_PROVIDED INFORMATION_
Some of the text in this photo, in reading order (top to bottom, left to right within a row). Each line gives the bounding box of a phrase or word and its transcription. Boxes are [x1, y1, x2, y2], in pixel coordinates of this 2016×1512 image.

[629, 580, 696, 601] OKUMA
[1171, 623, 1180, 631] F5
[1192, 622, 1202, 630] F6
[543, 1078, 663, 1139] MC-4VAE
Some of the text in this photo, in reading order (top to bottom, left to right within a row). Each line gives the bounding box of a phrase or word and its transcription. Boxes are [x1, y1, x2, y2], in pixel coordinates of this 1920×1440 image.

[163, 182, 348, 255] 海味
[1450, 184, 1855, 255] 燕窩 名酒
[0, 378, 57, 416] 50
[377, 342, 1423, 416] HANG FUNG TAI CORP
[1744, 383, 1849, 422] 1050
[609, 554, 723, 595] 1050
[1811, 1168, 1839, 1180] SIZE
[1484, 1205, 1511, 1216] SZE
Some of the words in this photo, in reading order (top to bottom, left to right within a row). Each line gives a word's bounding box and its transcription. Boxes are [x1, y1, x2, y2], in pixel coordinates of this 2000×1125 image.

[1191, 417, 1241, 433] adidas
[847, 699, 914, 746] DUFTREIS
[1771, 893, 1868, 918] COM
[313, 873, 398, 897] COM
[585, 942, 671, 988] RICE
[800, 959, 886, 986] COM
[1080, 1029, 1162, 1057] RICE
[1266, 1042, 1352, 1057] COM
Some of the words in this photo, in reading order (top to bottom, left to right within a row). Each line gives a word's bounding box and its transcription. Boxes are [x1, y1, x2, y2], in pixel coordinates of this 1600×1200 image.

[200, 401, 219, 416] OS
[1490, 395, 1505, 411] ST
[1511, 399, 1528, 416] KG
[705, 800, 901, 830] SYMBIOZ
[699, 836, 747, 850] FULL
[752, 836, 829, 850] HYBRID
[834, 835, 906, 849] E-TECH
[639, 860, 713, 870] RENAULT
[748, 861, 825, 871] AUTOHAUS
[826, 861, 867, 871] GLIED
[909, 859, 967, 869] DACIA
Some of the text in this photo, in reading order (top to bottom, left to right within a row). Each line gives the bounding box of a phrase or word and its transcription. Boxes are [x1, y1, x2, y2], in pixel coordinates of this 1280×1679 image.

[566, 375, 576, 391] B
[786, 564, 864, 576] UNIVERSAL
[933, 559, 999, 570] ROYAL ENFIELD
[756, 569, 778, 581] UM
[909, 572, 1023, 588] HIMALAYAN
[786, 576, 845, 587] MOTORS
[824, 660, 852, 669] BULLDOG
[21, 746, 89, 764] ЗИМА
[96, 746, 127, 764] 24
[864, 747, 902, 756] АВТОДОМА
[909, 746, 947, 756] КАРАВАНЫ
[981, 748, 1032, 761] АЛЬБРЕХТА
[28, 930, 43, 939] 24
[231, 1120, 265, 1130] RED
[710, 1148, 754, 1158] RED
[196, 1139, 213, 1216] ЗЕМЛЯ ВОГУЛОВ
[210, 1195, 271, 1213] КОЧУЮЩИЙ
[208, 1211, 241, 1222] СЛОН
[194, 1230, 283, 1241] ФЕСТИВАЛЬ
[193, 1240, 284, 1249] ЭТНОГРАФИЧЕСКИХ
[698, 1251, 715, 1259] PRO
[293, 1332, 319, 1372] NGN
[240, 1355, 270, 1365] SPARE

_THE PROBLEM_
Each entry shown above should be copied out exactly.

_RESULT BELOW_
Some of the text in this photo, in reading order (top to bottom, left to right within a row). Each line gives the bounding box of a phrase or word and its transcription. Boxes are [x1, y1, x2, y2], in pixel coordinates of this 2016×1512 image.

[629, 580, 696, 601] OKUMA
[1171, 623, 1180, 631] F5
[1192, 622, 1202, 630] F6
[543, 1078, 663, 1139] MC-4VAE
Some of the text in this photo, in reading order (top to bottom, left to right within a row). Each line gives the bounding box of a phrase or word and its transcription. Boxes are [x1, y1, x2, y2], in pixel coordinates of this 1920×1440 image.

[163, 182, 348, 255] 海味
[1450, 184, 1855, 255] 燕窩 名酒
[0, 378, 57, 416] 50
[377, 342, 1423, 416] HANG FUNG TAI CORP
[1744, 383, 1849, 422] 1050
[609, 554, 723, 595] 1050
[1811, 1168, 1839, 1180] SIZE
[1484, 1205, 1511, 1216] SZE
Some of the words in this photo, in reading order (top to bottom, left to right within a row). Each line gives a word's bounding box and its transcription. Boxes are [x1, y1, x2, y2], in pixel coordinates of this 2000×1125 image.

[1191, 417, 1241, 433] adidas
[847, 699, 914, 746] DUFTREIS
[1771, 893, 1868, 918] COM
[313, 873, 398, 897] COM
[585, 942, 671, 988] RICE
[800, 959, 886, 986] COM
[1080, 1029, 1162, 1057] RICE
[1266, 1042, 1352, 1057] COM
Some of the words in this photo, in reading order (top to bottom, left to right within a row). Each line gives a word's bounding box and its transcription. Boxes are [x1, y1, x2, y2], in pixel coordinates of this 1600×1200 image.

[200, 401, 219, 416] OS
[1490, 395, 1505, 411] ST
[1511, 399, 1528, 416] KG
[705, 800, 901, 830] SYMBIOZ
[699, 836, 747, 850] FULL
[752, 836, 829, 850] HYBRID
[834, 835, 906, 849] E-TECH
[639, 860, 713, 870] RENAULT
[748, 861, 825, 871] AUTOHAUS
[826, 861, 867, 871] GLIED
[909, 859, 967, 869] DACIA
Some of the text in this photo, in reading order (top to bottom, left to right within a row). Each line gives the bounding box of a phrase or word and its transcription. Boxes are [x1, y1, x2, y2], in pixel coordinates of this 1280×1679 image.

[566, 375, 576, 391] B
[786, 564, 864, 576] UNIVERSAL
[933, 559, 999, 570] ROYAL ENFIELD
[756, 569, 778, 581] UM
[909, 572, 1023, 588] HIMALAYAN
[786, 576, 845, 587] MOTORS
[824, 660, 852, 669] BULLDOG
[21, 746, 89, 764] ЗИМА
[96, 746, 127, 764] 24
[864, 747, 902, 756] АВТОДОМА
[909, 746, 947, 756] КАРАВАНЫ
[981, 748, 1032, 761] АЛЬБРЕХТА
[28, 930, 43, 939] 24
[231, 1120, 265, 1130] RED
[710, 1148, 754, 1158] RED
[196, 1139, 213, 1216] ЗЕМЛЯ ВОГУЛОВ
[210, 1195, 271, 1213] КОЧУЮЩИЙ
[208, 1211, 241, 1222] СЛОН
[194, 1230, 283, 1241] ФЕСТИВАЛЬ
[193, 1240, 284, 1249] ЭТНОГРАФИЧЕСКИХ
[698, 1251, 715, 1259] PRO
[293, 1332, 319, 1372] NGN
[240, 1355, 270, 1365] SPARE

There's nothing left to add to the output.